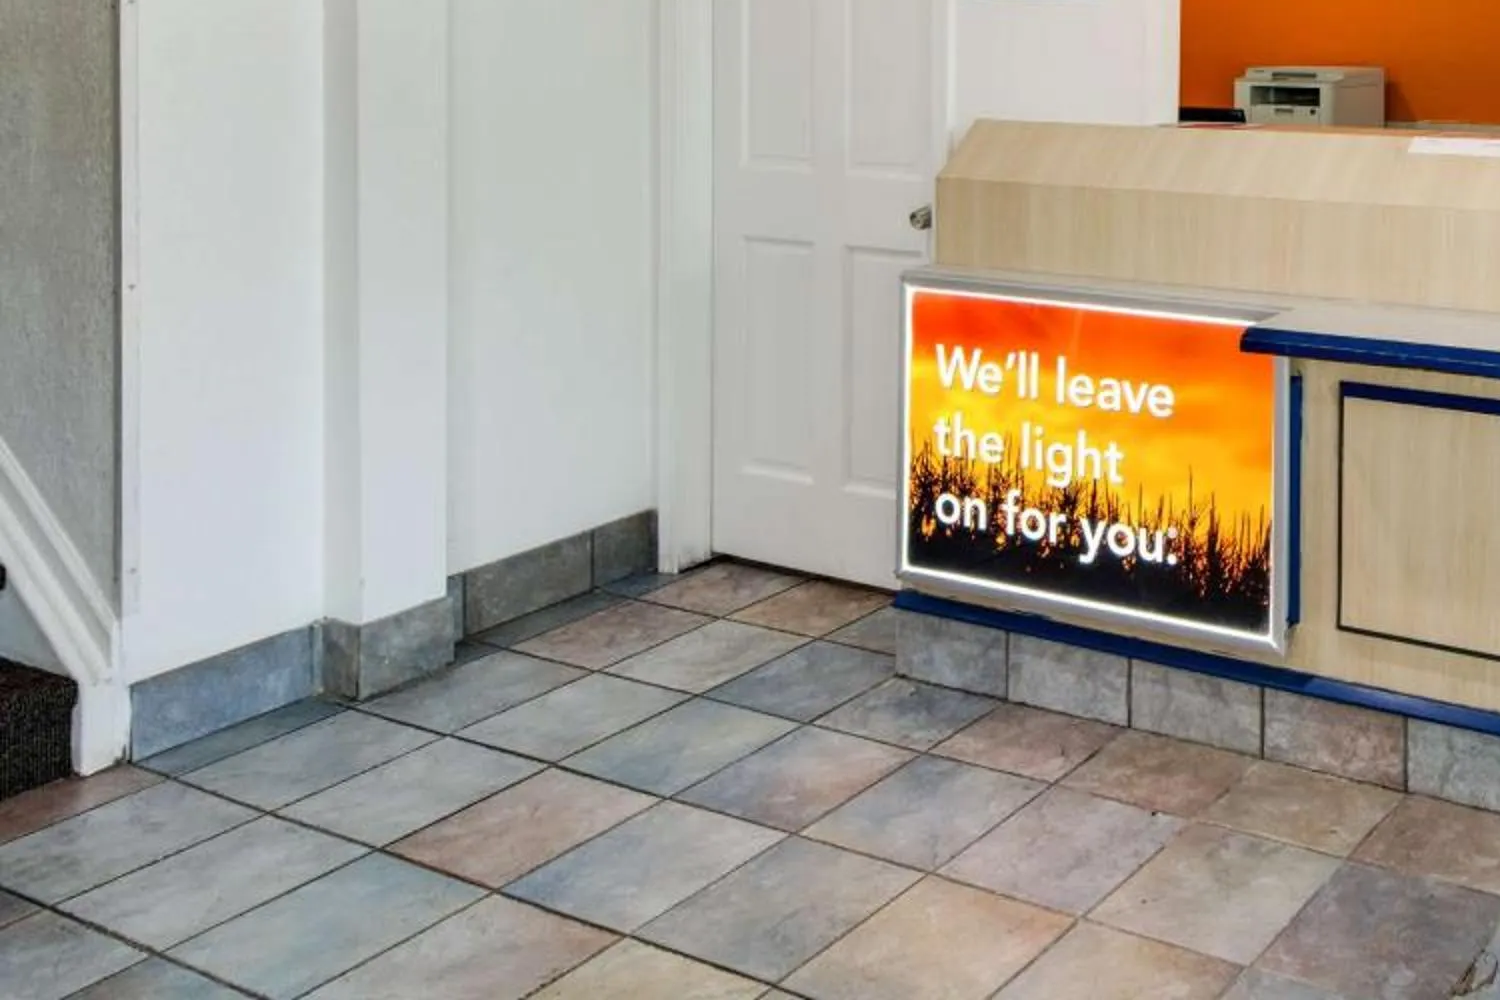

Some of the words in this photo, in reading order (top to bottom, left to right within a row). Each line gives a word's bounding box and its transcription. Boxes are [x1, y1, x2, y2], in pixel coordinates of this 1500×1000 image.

[935, 343, 1040, 399] We'll
[1056, 356, 1175, 418] leave
[934, 411, 1004, 463] the
[1021, 421, 1125, 488] light
[935, 492, 987, 531] on
[1001, 488, 1067, 545] for
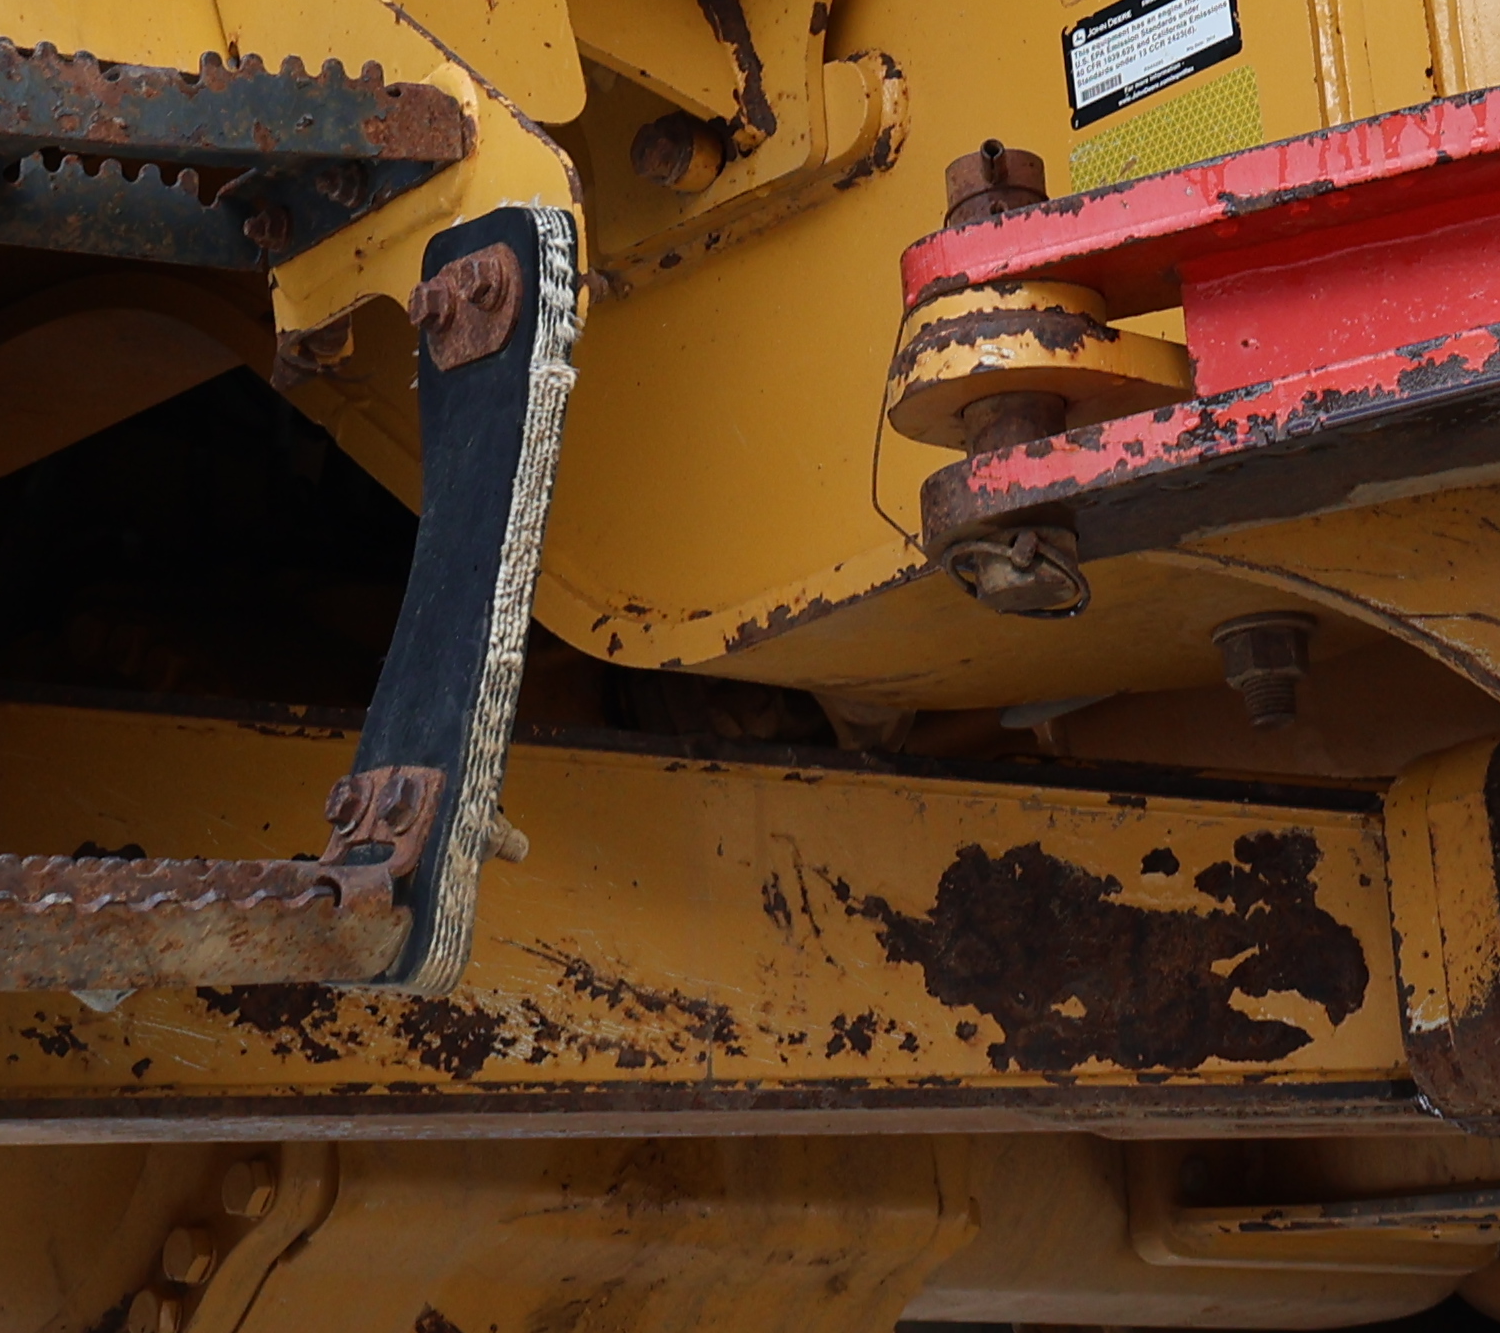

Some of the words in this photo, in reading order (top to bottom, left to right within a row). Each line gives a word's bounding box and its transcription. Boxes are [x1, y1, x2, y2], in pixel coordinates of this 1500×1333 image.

[1074, 45, 1090, 60] This
[1091, 25, 1130, 52] equipment
[1131, 18, 1145, 32] has
[1146, 14, 1156, 25] an
[1157, 1, 1182, 21] engine
[1074, 55, 1090, 69] U.S.
[1090, 47, 1105, 62] EPA
[1106, 31, 1139, 54] Emission
[1140, 13, 1177, 38] Standards
[1178, 2, 1200, 20] under
[1085, 59, 1102, 74] CFR
[1135, 36, 1150, 50] and
[1151, 18, 1187, 42] California
[1086, 19, 1107, 39] JOHN
[1107, 7, 1132, 29] DEERE
[1076, 63, 1113, 88] Standards
[1114, 52, 1137, 70] under
[1138, 47, 1147, 58] 13
[1148, 38, 1166, 53] CCR
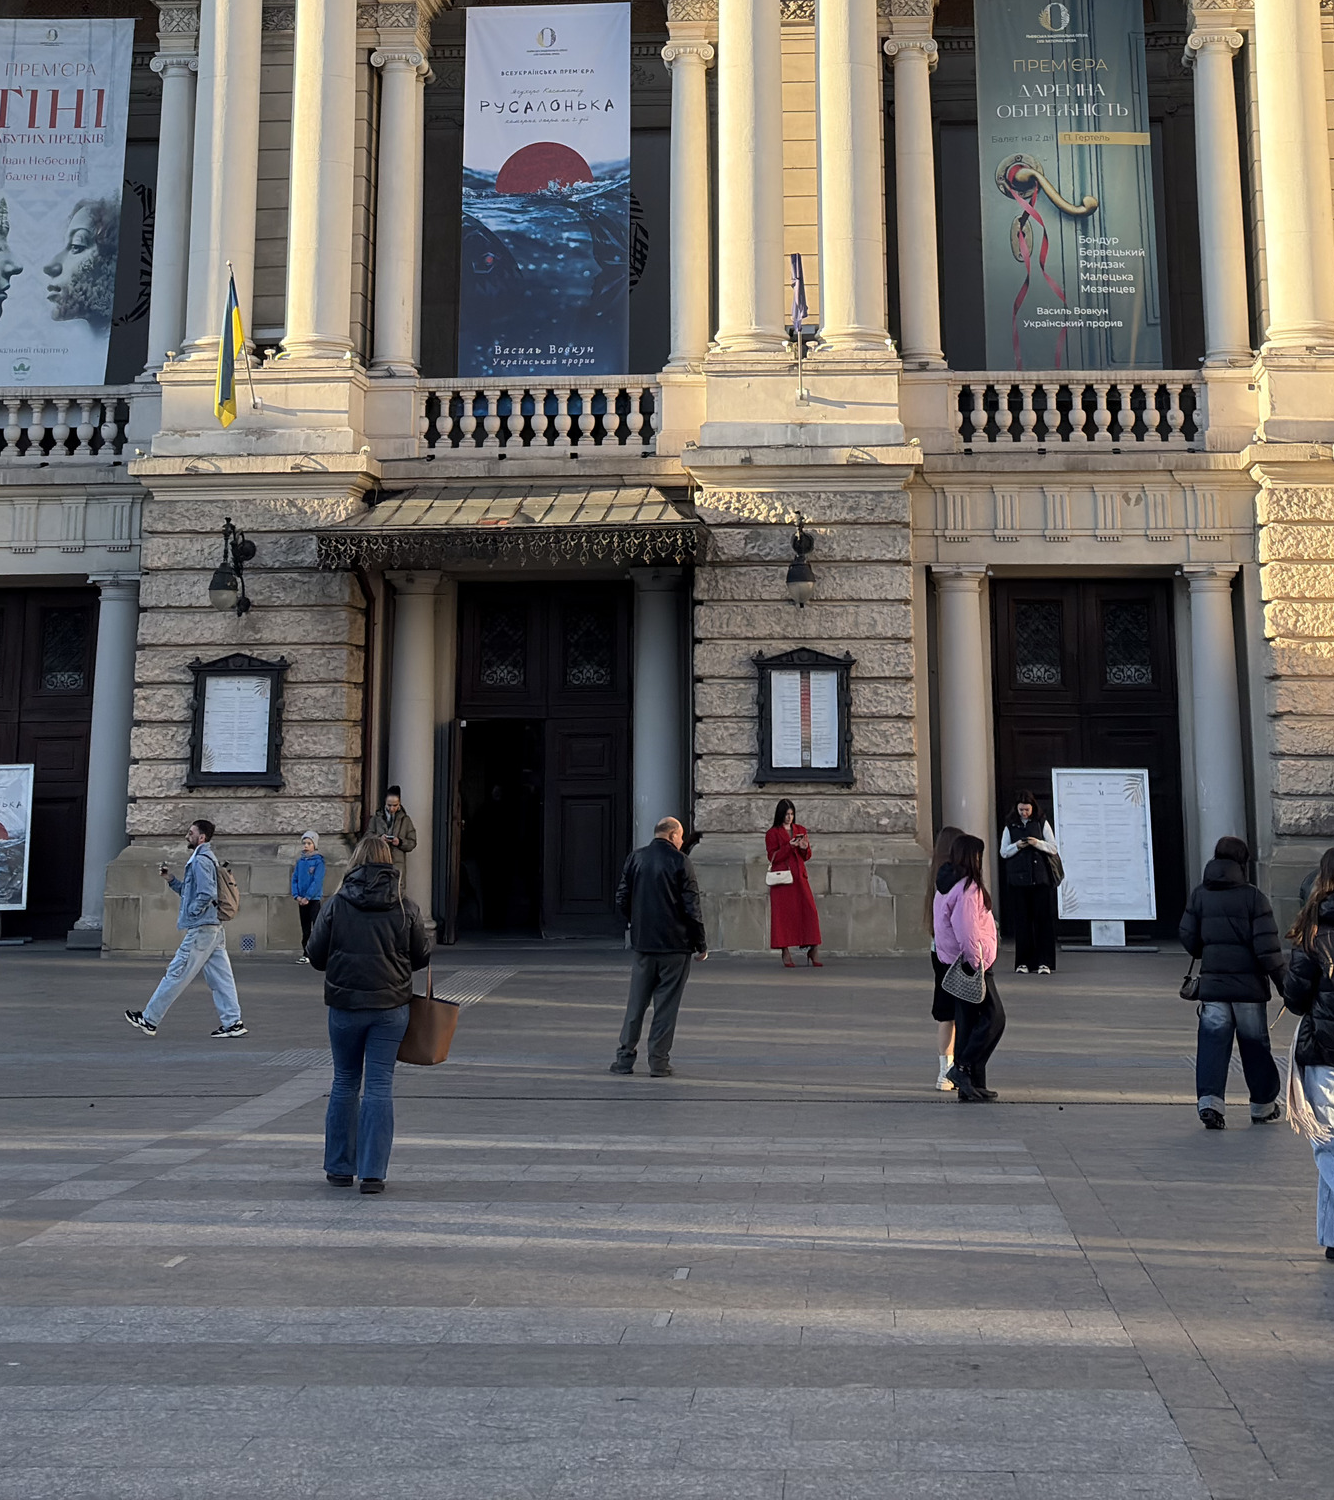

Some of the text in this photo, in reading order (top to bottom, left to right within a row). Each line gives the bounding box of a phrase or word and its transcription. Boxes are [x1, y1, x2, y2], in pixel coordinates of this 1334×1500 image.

----------------

*Your task:*
Return each record exactly as given, excluding any image.

*Task response:*
Some of the words in this photo, in reading order (top to bottom, left to right within a row). Each line gives a word's bounding box and its transcription. Boxes are [x1, y1, x2, y2], in pixel coordinates of this 1500×1000 image.

[935, 343, 1040, 399] We'll
[1056, 356, 1175, 418] leave
[934, 411, 1004, 463] the
[1021, 421, 1125, 488] light
[935, 492, 987, 531] on
[1001, 488, 1067, 545] for

Some of the words in this photo, in reading order (top to bottom, left to right within a row). Each line gives a word's bounding box and its transcription. Boxes are [x1, y1, x2, y2], in pixel coordinates of this 1500×1333 image.

[1074, 45, 1090, 60] This
[1091, 25, 1130, 52] equipment
[1131, 18, 1145, 32] has
[1146, 14, 1156, 25] an
[1157, 1, 1182, 21] engine
[1074, 55, 1090, 69] U.S.
[1090, 47, 1105, 62] EPA
[1106, 31, 1139, 54] Emission
[1140, 13, 1177, 38] Standards
[1178, 2, 1200, 20] under
[1085, 59, 1102, 74] CFR
[1135, 36, 1150, 50] and
[1151, 18, 1187, 42] California
[1086, 19, 1107, 39] JOHN
[1107, 7, 1132, 29] DEERE
[1076, 63, 1113, 88] Standards
[1114, 52, 1137, 70] under
[1138, 47, 1147, 58] 13
[1148, 38, 1166, 53] CCR

Some of the text in this photo, in reading order (top to bottom, left to right within a row). Each line gives the bounding box of a phrase or word and its transcription. Boxes are [x1, y1, x2, y2], in pixel coordinates of this 1334×1500 image.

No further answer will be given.